中国電力は17日、島根原発(松江市鹿島町片句)の構内で4、9月に発生した2件の火災の原因と再発防止策を発表した。4月は電気系統のトラブルが原因で、9月は可燃物を片付けないまま溶接作業を行うミスが一因と結論付けた。いずれも12月上旬を目指す2号機の再稼働に影響はないとしている。
4月の火災は、放射線管理区域のタービン建屋2階ヒーター室で発生。安全対策工事用の電源を供給する仮設ブレーカーが入ったプラスチック製の箱と、中の分電盤が電気系統のトラブルで焦げた。放射性物質の放出はなく、けが人もいなかった。
溶接作業の際、アース線に通常と異なる電流が流れて発熱したという。今後はアース線を絶縁テープで巻くなどの対応を取る。

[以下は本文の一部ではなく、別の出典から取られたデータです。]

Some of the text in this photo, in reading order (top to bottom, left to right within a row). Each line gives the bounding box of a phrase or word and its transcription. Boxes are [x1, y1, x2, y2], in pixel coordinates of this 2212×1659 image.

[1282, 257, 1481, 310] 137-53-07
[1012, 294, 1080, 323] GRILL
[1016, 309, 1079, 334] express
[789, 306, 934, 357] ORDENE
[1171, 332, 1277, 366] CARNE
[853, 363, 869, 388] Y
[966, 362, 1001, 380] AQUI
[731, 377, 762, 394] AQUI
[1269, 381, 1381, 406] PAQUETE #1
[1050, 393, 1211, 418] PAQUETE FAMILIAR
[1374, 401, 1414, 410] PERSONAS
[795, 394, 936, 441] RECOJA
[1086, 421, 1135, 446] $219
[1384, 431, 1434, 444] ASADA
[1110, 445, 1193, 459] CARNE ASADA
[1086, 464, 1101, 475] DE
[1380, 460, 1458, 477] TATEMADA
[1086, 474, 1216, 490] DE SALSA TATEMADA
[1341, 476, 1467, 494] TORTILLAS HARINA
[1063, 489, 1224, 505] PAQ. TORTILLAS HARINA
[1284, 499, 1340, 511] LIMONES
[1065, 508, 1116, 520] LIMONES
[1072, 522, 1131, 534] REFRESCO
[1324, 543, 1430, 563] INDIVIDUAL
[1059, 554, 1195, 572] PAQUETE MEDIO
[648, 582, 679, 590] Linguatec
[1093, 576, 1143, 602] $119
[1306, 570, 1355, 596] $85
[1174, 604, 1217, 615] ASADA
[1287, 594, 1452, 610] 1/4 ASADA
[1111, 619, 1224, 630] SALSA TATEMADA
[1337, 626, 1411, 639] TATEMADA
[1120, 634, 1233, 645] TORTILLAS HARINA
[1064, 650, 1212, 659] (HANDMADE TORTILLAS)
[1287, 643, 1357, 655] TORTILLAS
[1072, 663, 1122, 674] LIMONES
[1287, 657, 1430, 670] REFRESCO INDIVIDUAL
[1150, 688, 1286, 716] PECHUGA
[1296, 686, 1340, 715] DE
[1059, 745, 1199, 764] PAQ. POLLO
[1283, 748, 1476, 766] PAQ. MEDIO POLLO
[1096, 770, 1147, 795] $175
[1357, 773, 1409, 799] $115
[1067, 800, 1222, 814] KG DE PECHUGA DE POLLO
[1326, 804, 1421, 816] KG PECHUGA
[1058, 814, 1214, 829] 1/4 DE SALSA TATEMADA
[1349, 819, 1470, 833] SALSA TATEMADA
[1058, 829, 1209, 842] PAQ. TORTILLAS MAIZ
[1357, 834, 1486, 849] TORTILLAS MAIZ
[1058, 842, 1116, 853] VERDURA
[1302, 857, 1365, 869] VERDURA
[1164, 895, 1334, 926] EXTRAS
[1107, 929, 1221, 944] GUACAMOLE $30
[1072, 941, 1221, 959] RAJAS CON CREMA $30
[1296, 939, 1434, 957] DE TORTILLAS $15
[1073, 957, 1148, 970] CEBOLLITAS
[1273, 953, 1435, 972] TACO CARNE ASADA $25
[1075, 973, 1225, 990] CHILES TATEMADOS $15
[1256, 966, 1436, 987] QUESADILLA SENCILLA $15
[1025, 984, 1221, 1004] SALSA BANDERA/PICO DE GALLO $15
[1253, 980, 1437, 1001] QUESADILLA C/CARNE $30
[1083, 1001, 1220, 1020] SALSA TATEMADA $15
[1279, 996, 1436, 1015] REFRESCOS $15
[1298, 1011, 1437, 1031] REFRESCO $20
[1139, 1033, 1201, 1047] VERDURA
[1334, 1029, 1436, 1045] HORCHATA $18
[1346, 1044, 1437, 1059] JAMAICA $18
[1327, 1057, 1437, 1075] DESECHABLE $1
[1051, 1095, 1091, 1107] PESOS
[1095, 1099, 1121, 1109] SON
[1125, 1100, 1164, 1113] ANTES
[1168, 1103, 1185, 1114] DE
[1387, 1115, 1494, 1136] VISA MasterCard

9月には2号機西側の屋外で、打設したコンクリートの水分が蒸発しないようにかぶせていたマットが燃えた。けが人はいなかった。マットを放置したまま溶接作業を実施したのが原因。建物の鉄筋と鉄材を固定する結束線に溶接作業の電流が流れ、結束線が発熱して溶け落ち、マットに引火したとみている。今後、不要材を定期的にコンテナに搬入する対策を取る。
中電島根原子力本部の吉川正克広報部長は「ご心配をおかけし、おわび申し上げる。再発防止策を確実に実施し、事例を協力会社に共有して安全管理に万全を期す」とコメントした。(白築昂)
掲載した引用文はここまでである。